- _ABOUT THIS TASK_
Write out every entry, unchanged. Skip any picture.

(Saved data entries)

Content starts

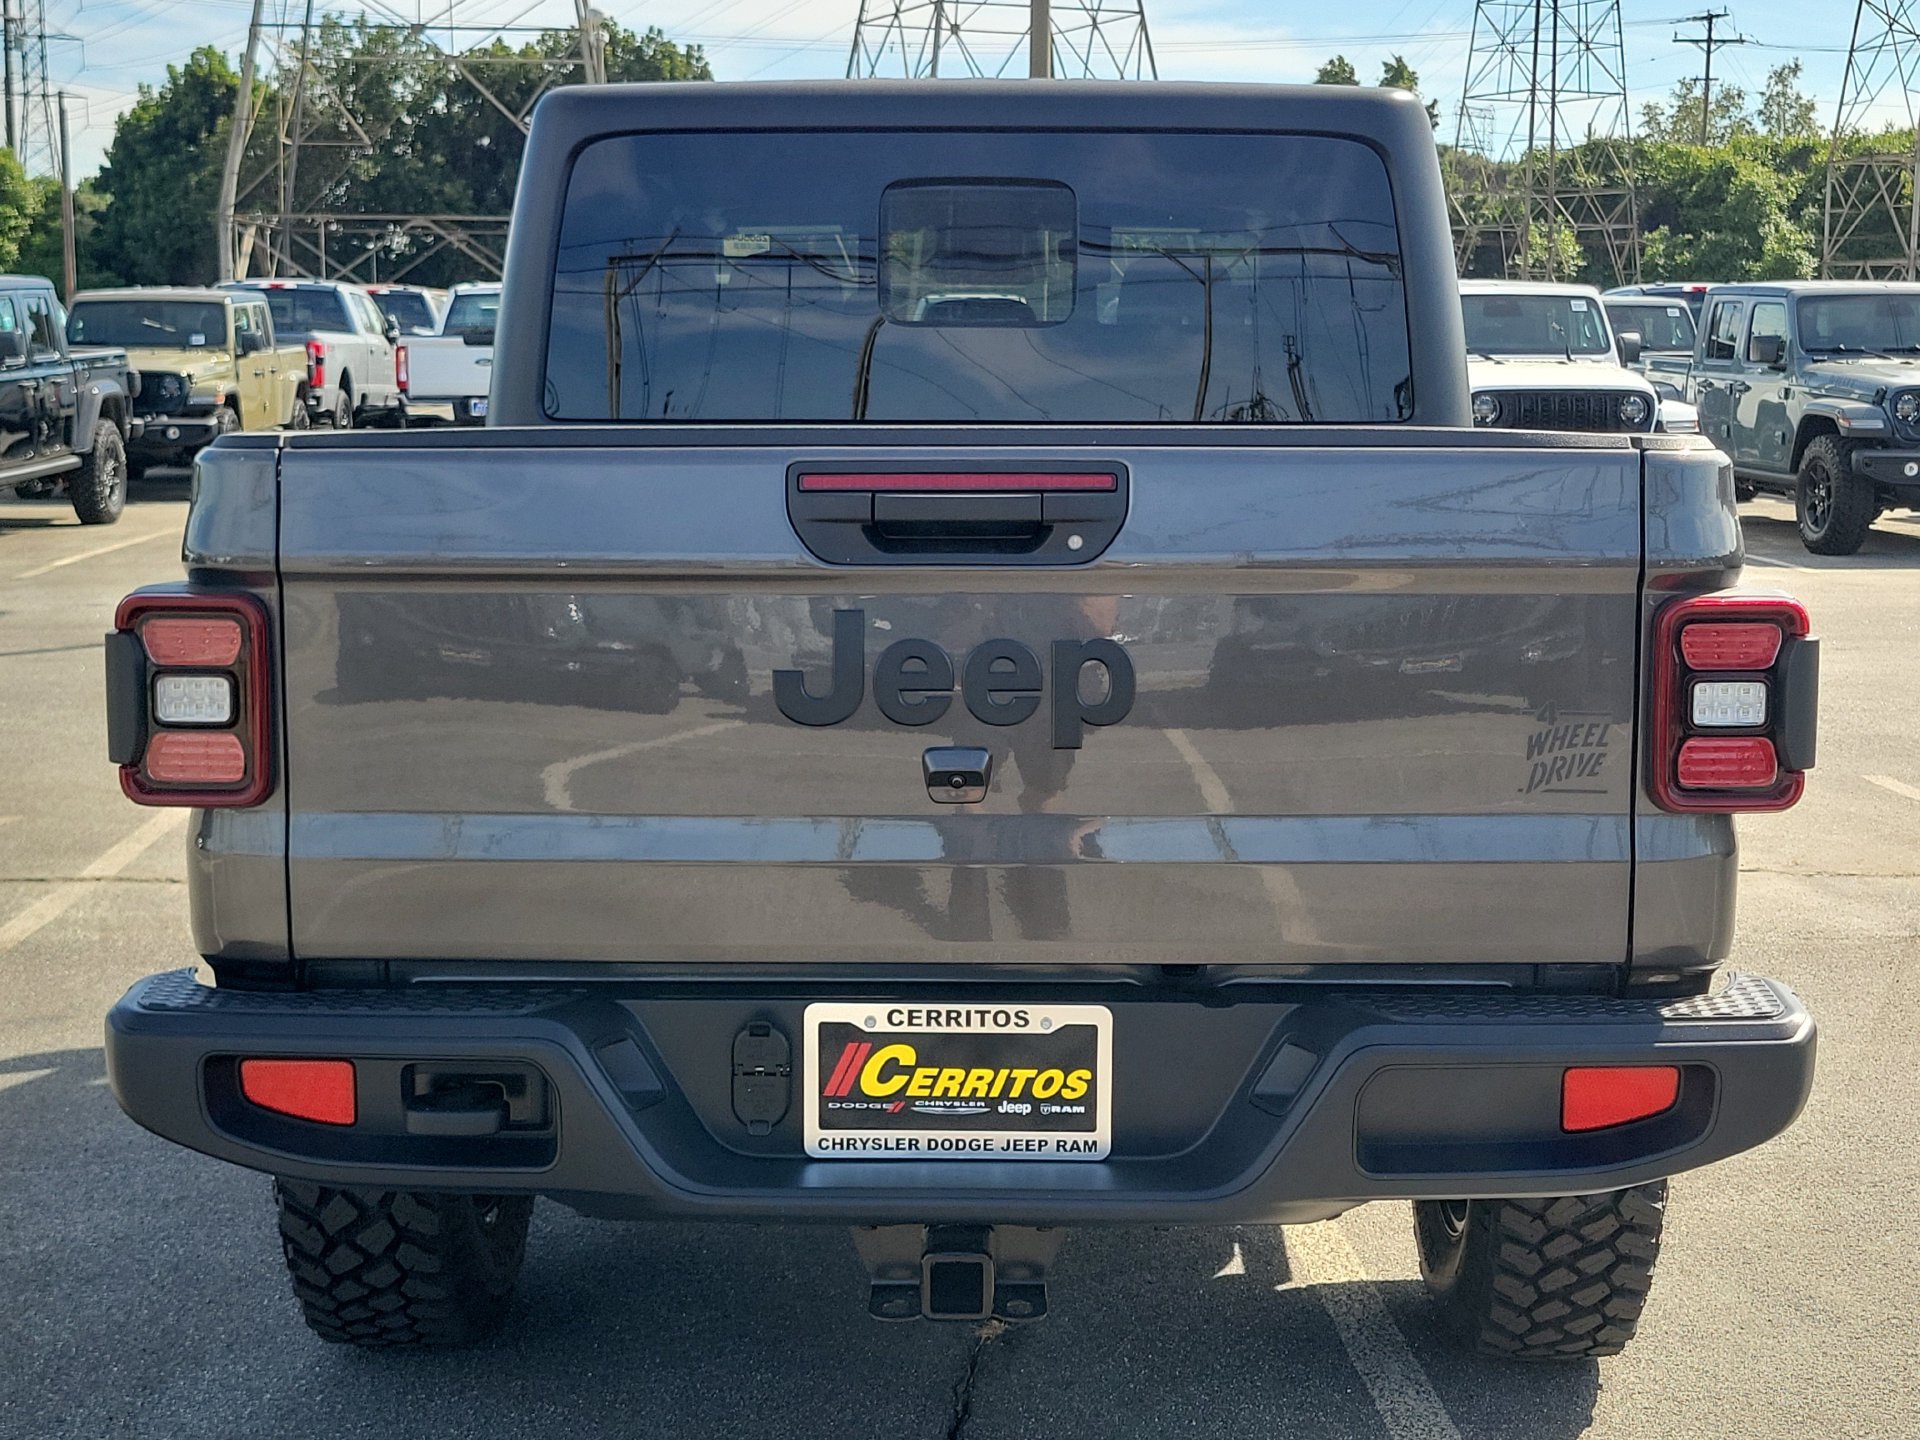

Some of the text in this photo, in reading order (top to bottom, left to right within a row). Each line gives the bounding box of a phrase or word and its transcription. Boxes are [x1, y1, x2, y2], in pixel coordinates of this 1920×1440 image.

[772, 609, 1136, 749] Jeep
[1536, 701, 1556, 725] 4
[1526, 723, 1611, 760] WHEEL
[1525, 753, 1607, 794] DRIVE
[886, 1008, 1030, 1028] CERRITOS
[860, 1043, 1093, 1100] CERRITOS
[828, 1102, 893, 1110] DODGE
[997, 1100, 1032, 1116] Jeep
[1051, 1105, 1085, 1114] RAM
[817, 1137, 1098, 1153] CHRYSLER DODGE JEEP RAM

Content ends

- _WRITTEN RESPONSE_
Some of the text in this photo, in reading order (top to bottom, left to right within a row). Each line gives the bounding box of a phrase or word and its transcription. Boxes are [x1, y1, x2, y2], in pixel coordinates of this 1920×1440 image.

[772, 609, 1136, 749] Jeep
[1536, 701, 1556, 725] 4
[1526, 723, 1611, 760] WHEEL
[1525, 753, 1607, 794] DRIVE
[886, 1008, 1030, 1028] CERRITOS
[860, 1043, 1093, 1100] CERRITOS
[828, 1102, 893, 1110] DODGE
[997, 1100, 1032, 1116] Jeep
[1051, 1105, 1085, 1114] RAM
[817, 1137, 1098, 1153] CHRYSLER DODGE JEEP RAM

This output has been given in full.